This conference invites oral presentations containing substantial theoretical and empirical advances in econometrics and statistics. All topics within the scope of Econometrics and Financial Econometrics will be considered. Topics of interest include, but are not limited to: Estimation and inference of econometric models, model selection, panel data, time series analysis, measurement error, filtering, portfolio allocation, option pricing, quantitative risk management, systemic risk and market microstructure, forecasting, volatility and risk, credit risk, pricing models, portfolio management and emerging markets, high-dimensional problems, functional data analysis, robust statistics, resampling, dependence, extreme value theory, spatial statistics, Bayesian methods, statistical learning, nonparametric statistics, multivariate data analysis, parametric & semiparametric models, numerical methods in statistics, and substantial empirical applications in these areas. Other innovative quantitative developments, such as AI and computational algorithms, are also welcome.
Guest Speakers:
Professor Lajos Horvath, Department of Mathematics, University of Utah, USA
Professor Horvath has been a fellow of the Institute of Mathematical Statistics since 1990 and has been on the ISI highly cited authors list. Research.com ranked Professor Horvath as one of the top researchers in Mathematics. In ResearchGate, his h-index is 54, and his citation number is 13,039.

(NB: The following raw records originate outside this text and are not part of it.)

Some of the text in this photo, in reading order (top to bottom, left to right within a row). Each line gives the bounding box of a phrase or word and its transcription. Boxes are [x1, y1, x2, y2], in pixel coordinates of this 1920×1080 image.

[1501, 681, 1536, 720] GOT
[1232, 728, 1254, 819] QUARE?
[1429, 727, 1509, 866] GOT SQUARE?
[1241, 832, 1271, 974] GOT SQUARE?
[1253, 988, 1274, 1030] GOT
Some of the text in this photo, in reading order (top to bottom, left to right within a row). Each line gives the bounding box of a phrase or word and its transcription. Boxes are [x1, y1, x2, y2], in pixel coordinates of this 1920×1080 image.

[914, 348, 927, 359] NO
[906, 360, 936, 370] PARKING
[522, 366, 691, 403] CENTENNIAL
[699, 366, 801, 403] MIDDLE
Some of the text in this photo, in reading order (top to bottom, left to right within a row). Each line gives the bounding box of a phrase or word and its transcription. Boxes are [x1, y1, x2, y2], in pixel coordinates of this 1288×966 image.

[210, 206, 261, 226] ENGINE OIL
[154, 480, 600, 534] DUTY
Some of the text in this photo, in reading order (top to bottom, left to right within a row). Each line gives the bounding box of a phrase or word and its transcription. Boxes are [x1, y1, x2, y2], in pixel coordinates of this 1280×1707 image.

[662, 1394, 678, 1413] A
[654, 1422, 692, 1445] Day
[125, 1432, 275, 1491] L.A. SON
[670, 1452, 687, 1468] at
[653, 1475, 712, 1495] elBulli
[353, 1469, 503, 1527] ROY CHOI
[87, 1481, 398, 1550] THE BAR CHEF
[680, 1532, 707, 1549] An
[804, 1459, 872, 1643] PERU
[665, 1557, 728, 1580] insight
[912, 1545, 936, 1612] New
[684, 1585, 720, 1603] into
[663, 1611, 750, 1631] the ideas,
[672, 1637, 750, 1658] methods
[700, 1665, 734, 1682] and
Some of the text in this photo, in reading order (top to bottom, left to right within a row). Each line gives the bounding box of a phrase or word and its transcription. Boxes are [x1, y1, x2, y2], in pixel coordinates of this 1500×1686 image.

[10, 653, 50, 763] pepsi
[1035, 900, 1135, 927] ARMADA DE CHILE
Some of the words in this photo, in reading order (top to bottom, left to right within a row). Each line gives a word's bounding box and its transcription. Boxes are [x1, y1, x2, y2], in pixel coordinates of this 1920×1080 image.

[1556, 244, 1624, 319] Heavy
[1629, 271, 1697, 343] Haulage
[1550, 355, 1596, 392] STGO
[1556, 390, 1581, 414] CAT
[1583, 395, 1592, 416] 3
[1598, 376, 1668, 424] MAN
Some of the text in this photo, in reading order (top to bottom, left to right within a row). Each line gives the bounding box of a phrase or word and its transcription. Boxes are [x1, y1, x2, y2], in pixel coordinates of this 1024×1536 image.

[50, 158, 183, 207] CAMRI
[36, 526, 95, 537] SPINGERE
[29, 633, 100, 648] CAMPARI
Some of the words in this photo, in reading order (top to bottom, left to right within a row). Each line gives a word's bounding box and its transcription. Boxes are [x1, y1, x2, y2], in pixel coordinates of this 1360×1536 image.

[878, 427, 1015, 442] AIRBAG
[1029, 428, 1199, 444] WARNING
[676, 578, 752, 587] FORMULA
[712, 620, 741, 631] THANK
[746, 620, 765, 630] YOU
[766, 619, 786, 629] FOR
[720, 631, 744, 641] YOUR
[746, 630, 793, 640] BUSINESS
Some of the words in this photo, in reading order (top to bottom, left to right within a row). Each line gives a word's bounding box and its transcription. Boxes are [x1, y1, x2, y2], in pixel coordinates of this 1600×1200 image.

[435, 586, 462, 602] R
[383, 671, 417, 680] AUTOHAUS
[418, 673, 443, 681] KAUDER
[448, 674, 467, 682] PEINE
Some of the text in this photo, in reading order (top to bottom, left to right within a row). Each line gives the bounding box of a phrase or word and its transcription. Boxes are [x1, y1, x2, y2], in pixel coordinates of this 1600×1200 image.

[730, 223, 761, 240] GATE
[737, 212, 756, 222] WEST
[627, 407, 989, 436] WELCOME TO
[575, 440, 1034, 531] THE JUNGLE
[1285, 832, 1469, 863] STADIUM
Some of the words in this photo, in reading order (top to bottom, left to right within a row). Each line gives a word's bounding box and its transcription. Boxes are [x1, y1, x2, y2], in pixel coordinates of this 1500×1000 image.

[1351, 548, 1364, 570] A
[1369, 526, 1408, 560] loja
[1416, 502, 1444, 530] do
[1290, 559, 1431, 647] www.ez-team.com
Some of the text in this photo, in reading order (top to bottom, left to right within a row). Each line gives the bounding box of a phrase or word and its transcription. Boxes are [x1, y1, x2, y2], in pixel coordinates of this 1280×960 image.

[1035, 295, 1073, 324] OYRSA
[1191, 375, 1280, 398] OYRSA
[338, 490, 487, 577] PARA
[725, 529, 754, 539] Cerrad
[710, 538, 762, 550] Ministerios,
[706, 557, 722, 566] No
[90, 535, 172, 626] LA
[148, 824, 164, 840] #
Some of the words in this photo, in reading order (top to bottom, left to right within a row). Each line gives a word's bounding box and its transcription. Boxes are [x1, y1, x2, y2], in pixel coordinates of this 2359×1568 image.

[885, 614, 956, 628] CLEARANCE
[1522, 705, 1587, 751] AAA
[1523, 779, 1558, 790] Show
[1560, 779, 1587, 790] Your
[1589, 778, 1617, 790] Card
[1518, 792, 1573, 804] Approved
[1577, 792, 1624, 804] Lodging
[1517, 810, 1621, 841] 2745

Professor Horvath was born and educated in Hungary. He has published more than 380 refereed research papers in several areas, including statistics, probability, biostatistics, literature, meteorology, econometrics, and finance. Professor Horvath enjoys working with others. He has had visiting appointments at Carleton University, Ottawa, Technical University of Graz, HKUST Hong Kong, Renmin University Beijing, National University of Singapore, University of Sidney, and Université Charles de Gaulle, Lille.
Professor Horvath’s research is in mathematical statistics and stochastic processes with applications, including meteorology, biostatistics, literature, engineering, econometrics, and finance. His publications include not only theory but also applications to real-life data sets. He usually works on problems coming from real life, and the solutions require new methods. Recently, he has been working on sequential detection of changes/anomalies in large data sets, like changes in the sentiment of Twitter users.
Professor Anindya Banerjee, Department of Economics, University of Birmingham, UK, and the Editor of Oxford Bulletin of Economics and Statistics
Professor Anindya Banerjee is the Editor of Oxford Bulletin of Economics and Statistics. He joined the University of Birmingham in January 2008 as a professor of economics. Before coming to Birmingham, he was a professor at the European University Institute in Florence and a fellow at Wadham College, Oxford. Professor Banerjee received his Ph.D. from the University of Oxford.
His interests lie in time series econometrics, including factor models and the econometrics of integrated panel data. He has recently been using his expertise in econometric modelling to examine the use of algorithmic methods in augmenting police decision-making.
Important Dates:
• Extended submission deadline: 15 May 2026
• Notification of review results: As soon as available
• Registration deadline: 31 May 2026
• Conference event: 18–20 June 2026